# [Task item]
The records are to be repeated in full, with the images removed.

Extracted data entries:
....................

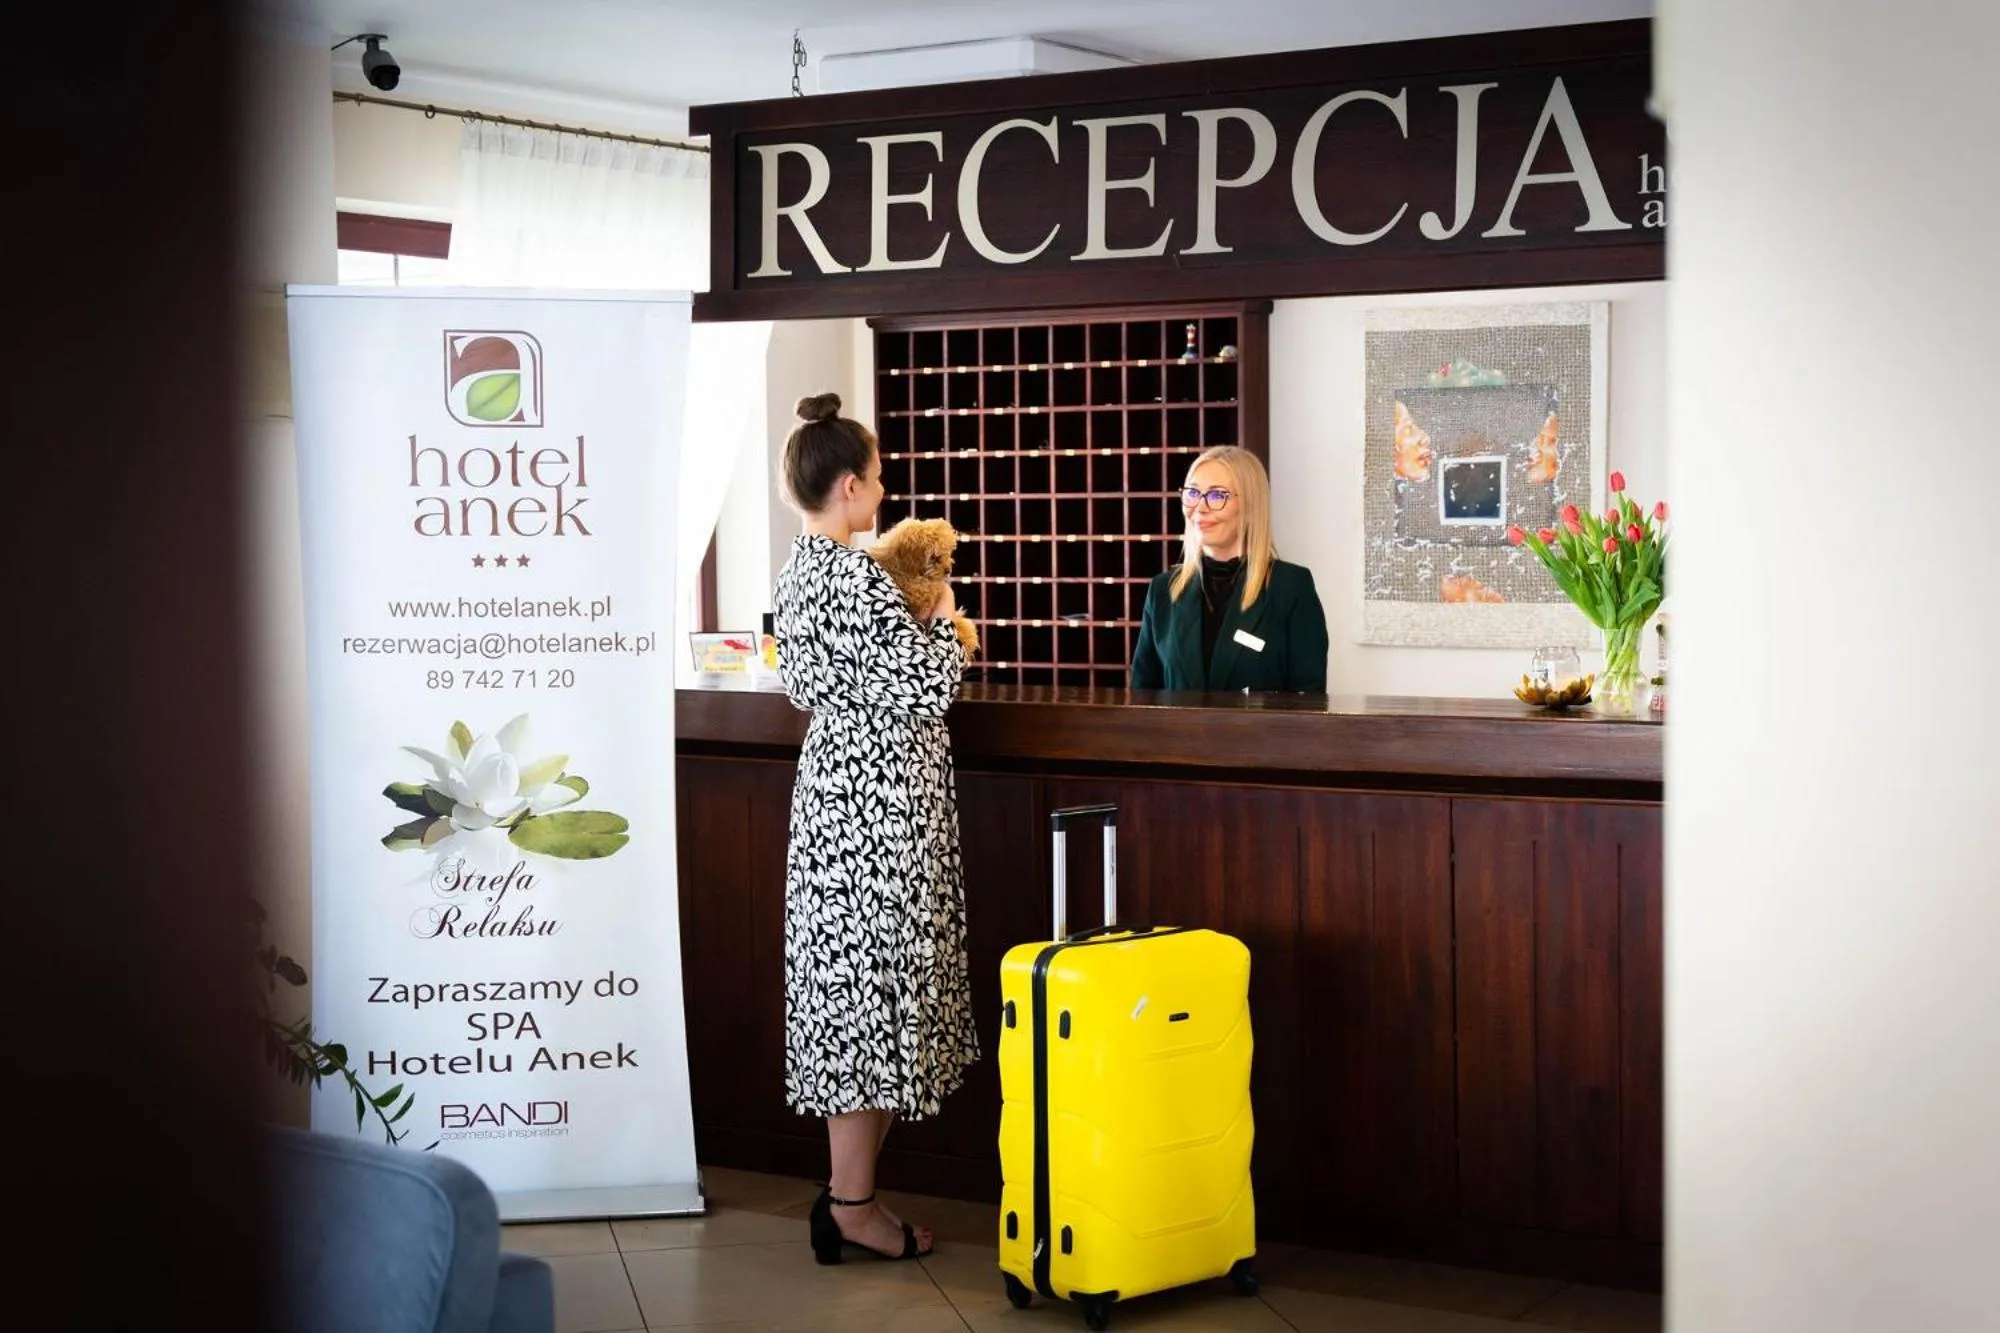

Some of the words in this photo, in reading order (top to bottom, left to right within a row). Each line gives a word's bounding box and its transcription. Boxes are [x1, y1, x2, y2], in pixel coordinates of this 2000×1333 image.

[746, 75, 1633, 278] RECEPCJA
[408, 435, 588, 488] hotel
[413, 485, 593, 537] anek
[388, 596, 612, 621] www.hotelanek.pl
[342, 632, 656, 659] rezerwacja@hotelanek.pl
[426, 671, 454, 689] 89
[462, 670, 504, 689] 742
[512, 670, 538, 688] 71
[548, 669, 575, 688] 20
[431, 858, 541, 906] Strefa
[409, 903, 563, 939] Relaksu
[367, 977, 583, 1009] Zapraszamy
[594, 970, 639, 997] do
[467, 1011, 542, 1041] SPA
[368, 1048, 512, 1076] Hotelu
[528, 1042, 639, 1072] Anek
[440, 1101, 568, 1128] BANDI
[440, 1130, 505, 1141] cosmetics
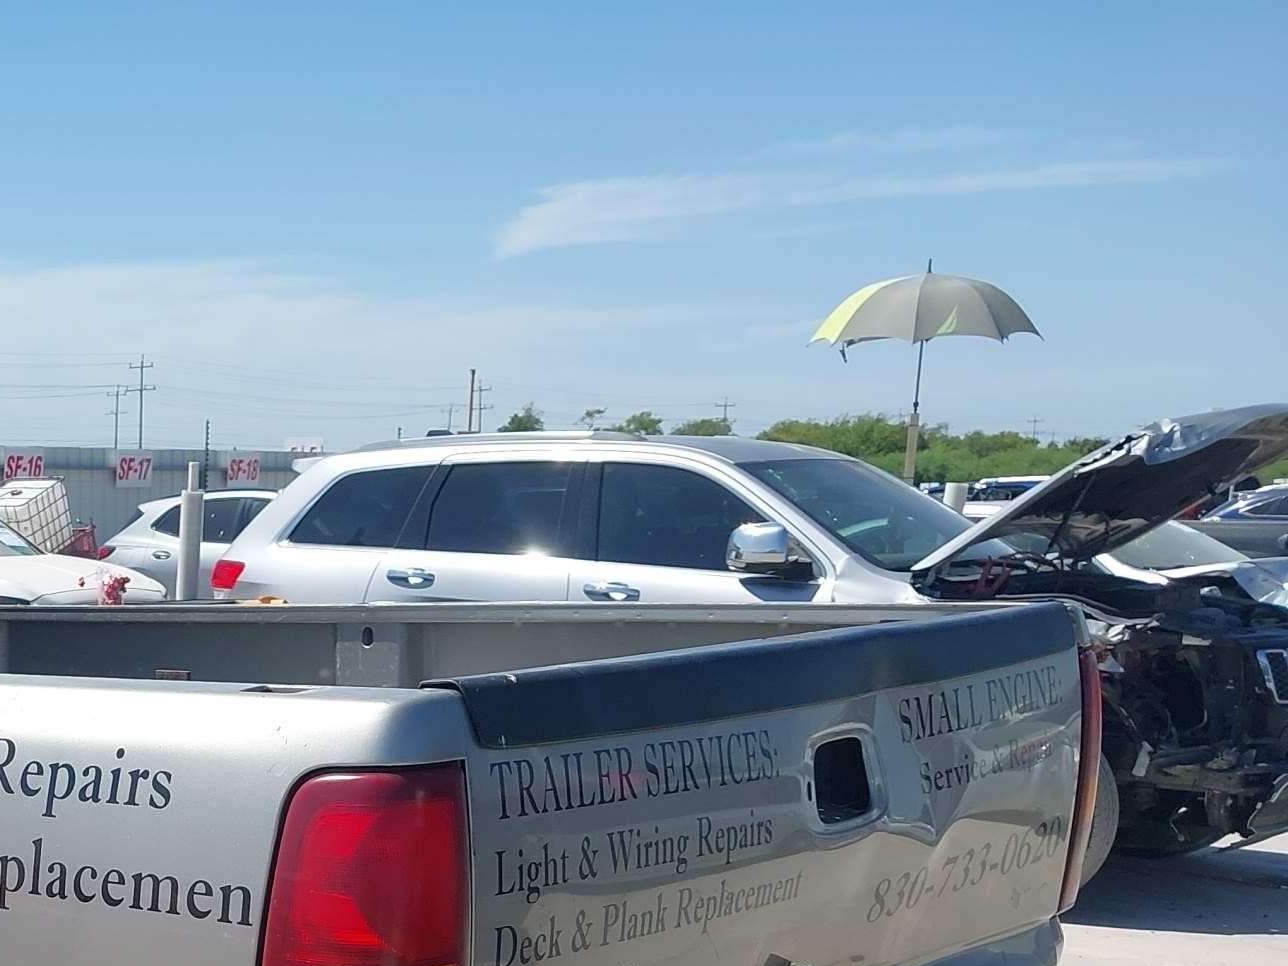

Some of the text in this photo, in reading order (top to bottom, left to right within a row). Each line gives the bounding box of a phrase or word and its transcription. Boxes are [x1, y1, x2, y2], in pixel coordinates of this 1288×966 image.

....................

# [Response box]
Some of the words in this photo, in reading order (top to bottom, left to right within a row). Each line gives a word's bounding box and its transcription. Boxes are [x1, y1, x2, y2], in pixel coordinates of this 2000×1333 image.

[746, 75, 1633, 278] RECEPCJA
[408, 435, 588, 488] hotel
[413, 485, 593, 537] anek
[388, 596, 612, 621] www.hotelanek.pl
[342, 632, 656, 659] rezerwacja@hotelanek.pl
[426, 671, 454, 689] 89
[462, 670, 504, 689] 742
[512, 670, 538, 688] 71
[548, 669, 575, 688] 20
[431, 858, 541, 906] Strefa
[409, 903, 563, 939] Relaksu
[367, 977, 583, 1009] Zapraszamy
[594, 970, 639, 997] do
[467, 1011, 542, 1041] SPA
[368, 1048, 512, 1076] Hotelu
[528, 1042, 639, 1072] Anek
[440, 1101, 568, 1128] BANDI
[440, 1130, 505, 1141] cosmetics

Some of the text in this photo, in reading order (top to bottom, left to right within a row). Each line gives the bounding box of a phrase or word and its transcription. Boxes are [x1, y1, x2, y2], in pixel coordinates of this 1288×966 image.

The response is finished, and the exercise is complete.